Global health Ph.D. candidate Timothy Mackey is the second SDSU student to be inducted into the Bouchet Honor Society.
Tim Mackey completed an internship at the World Health Organization in Geneva, Switzerland, researching the intersection between public health, intellectual property and innovation.
When global health Ph.D. candidate Timothy Mackey was inducted into the Bouchet Honor Society, he was recognized both for his research into the global impact of counterfeit medications and for overcoming adversity to succeed.
Named for the first African American doctoral recipient in the United States, the Edward Alexander Bouchet Honor Society recognizes outstanding scholarly achievement and promotes diversity and excellence in higher education. Last month, the society honored new inductees at an academic conference and ceremony at Yale University.
Mackey, who splits his time between San Diego State University and University of California at San Diego as part of a joint doctoral program, recently finished his dissertation, which focuses on the global criminal trade of counterfeit medicines that endanger the lives of patients.
The perfect candidate
“Tim Mackey is one of the most productive scholars we have had in our joint Ph.D. program,” said SDSU public health professor Thomas Novotny, who nominated Mackey for the Bouchet Society. “He has published literally dozens of articles in prominent scientific journals and has taken on very difficult subjects in these works.”
“He is really a perfect candidate for the Bouchet Honor Society, as an Asian American with a clear global health commitment and career trajectory.”
Mackey has a master’s in health law and policy from UCSD-California Western School of Law and a bachelor’s in political science-international relations from UCSD. As a child, he lived all over the world before his family settled in Moreno Valley, Calif. There he attended underperforming junior high and high schools, but beat the odds by becoming academically successful.

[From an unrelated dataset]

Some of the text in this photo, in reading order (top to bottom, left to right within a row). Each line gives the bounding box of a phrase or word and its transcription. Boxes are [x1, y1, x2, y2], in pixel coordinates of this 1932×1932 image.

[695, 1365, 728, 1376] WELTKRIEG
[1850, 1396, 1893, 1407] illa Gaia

“I realize how fortunate I am to have had the opportunities I’ve had,” Mackey said. “I am cognizant of the fact that I have been given a unique experience, and I am hoping to give back.”
Global health crisis
Mackey has published more than 70 papers on topics ranging from healthcare reform and global drug supply chain safety to global health governance, e-health and access to medication. It all ties together with his research on counterfeit drugs.

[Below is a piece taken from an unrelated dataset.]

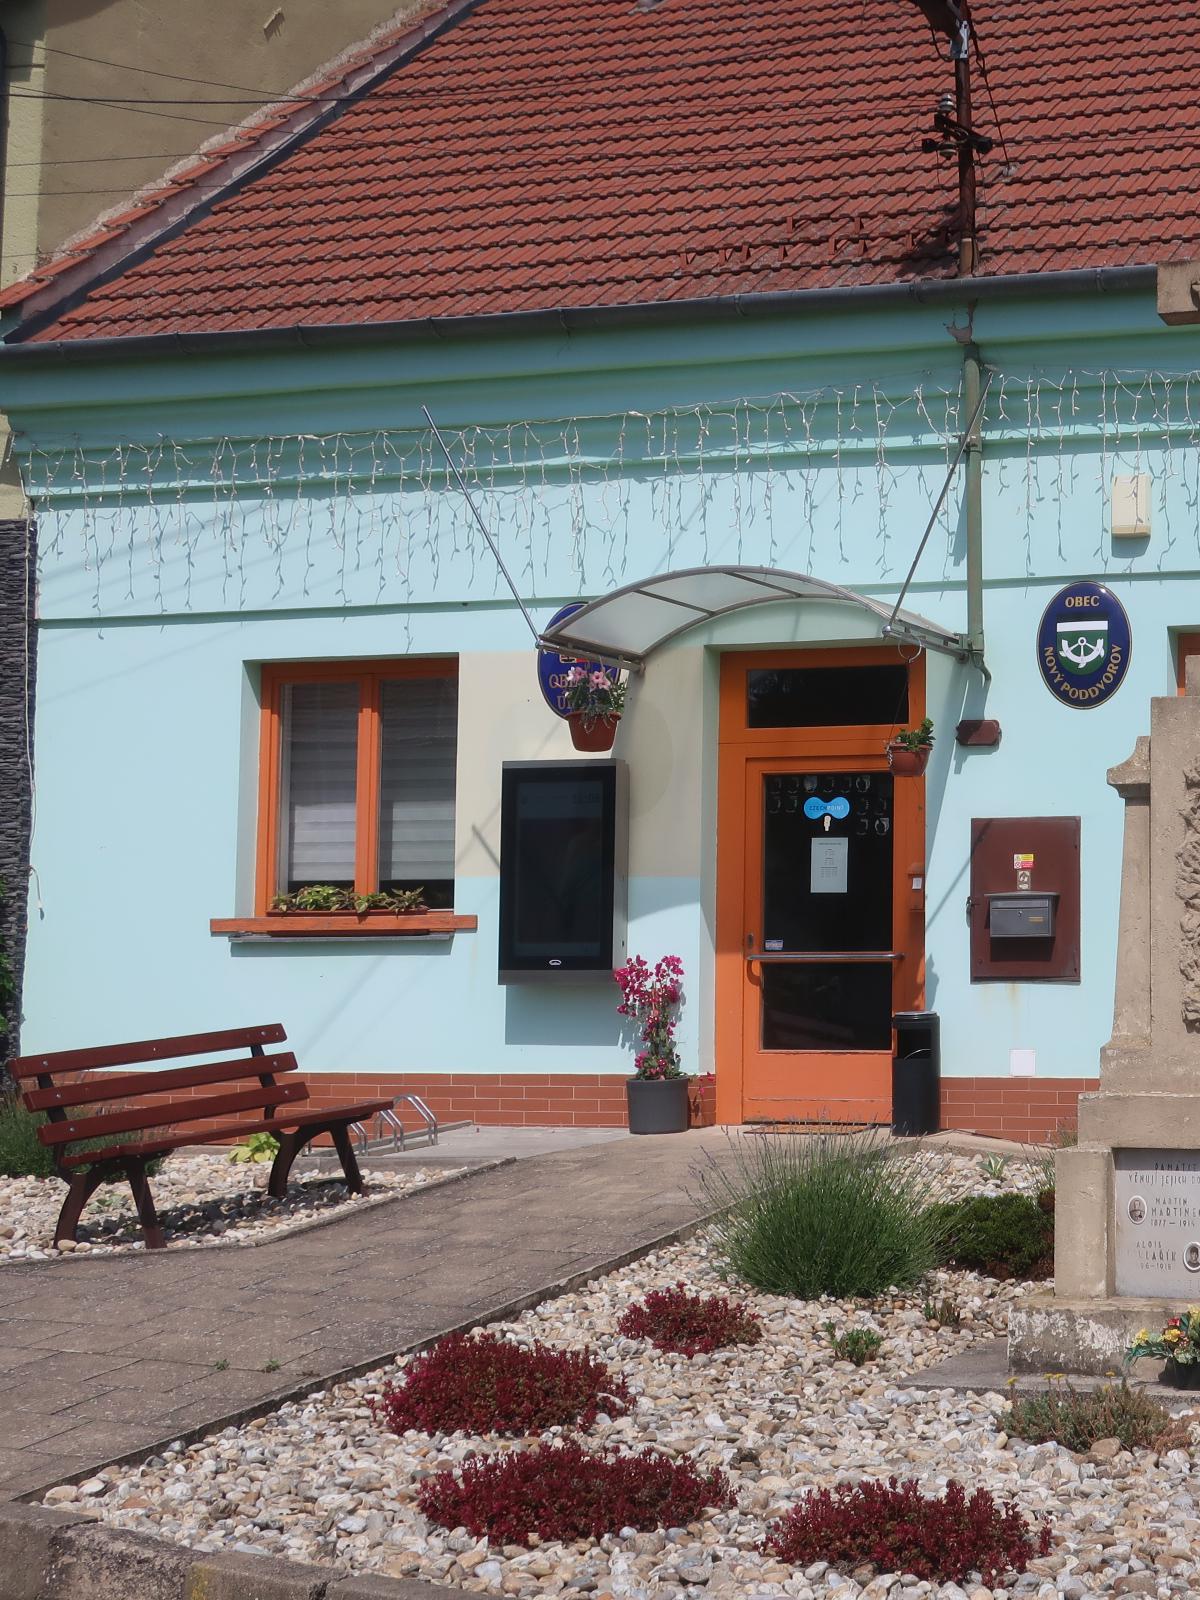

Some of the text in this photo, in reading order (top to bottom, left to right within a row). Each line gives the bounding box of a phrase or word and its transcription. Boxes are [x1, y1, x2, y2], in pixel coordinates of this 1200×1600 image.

[1065, 595, 1100, 608] OBEC
[1044, 644, 1122, 700] NOVÝ PODDVOROV
[1155, 1197, 1188, 1206] MARTIN

“The problem of counterfeit medicines is really a preeminent global health issue," Mackey said. I first became interested in the topic during my master’s degree studies where I learned about the death of a San Diego teenager, Ryan Haight, who purchased medications online. Since then, it has been one of my goals to address this public health and patient safety problem that continues to harm the most vulnerable in our global society.”
His multi-disciplinary study looks at the issue of counterfeit medicine from the perspective of different disciplines, including public health, diplomacy, governance, information technology and international relations.
Findings show that the prevalence of counterfeit medications is on the rise worldwide, threatening patient lives, potentially leading to antimicrobial resistance, and helping criminals to profit. The Internet also represents an important conduit of access and risk for these dangerous products, yet illicit online pharmacies continue to proliferate, Mackey said.
“Despite these clear threats, cooperation among the international community is significantly limited and the problem has not been solved,” said Mackey. He analyzed the current state of counterfeit drug distribution across the globe and has proposed a solution to the United Nations Office of Drugs and Crime and other stakeholders.
“Mackey’s research on illicit and counterfeit pharmaceuticals has gained international attention,” said Novotny. “These drugs represent a public health threat due to lack of potency, lack of standardized manufacturing practices, and outright fraud. Tim has produced some of the most original work in researching counterfeit pharmaceuticals, and this research will likely lead to improved governance of the issue and better protection of global public health.”
History of excellence
Mackey is only the second SDSU doctoral student invited to join the Bouchet Honor Society — the first was Meghan Morris in 2011, who is now a researcher at University of California at San Francisco's Center for AIDS Prevention Studies.
During the conference, faculty, administrators and students from across the country joined together to discuss this year’s theme, “Determining the Future of Diversity Discussions.”
“The Bouchet conference was really eye-opening," he said. "The quality of research presented by the inductees and the dedication of the academy to promoting academic excellence and diversity is something I will continue to strive for in my own work.”
After earning his Ph.D. in June, Mackey plans to stay on the academic track, continuing his research and teaching global health at an academic institution.
“Having the opportunity to pursue a higher education through a doctoral degree is both a great privilege and a heavy responsibility. I’ve been given a tremendous experience at SDSU and UCSD that other people have not been afforded. I strongly believe that academics provides a pathway for positive change and I’m fully committed to realizing and honoring this potential.”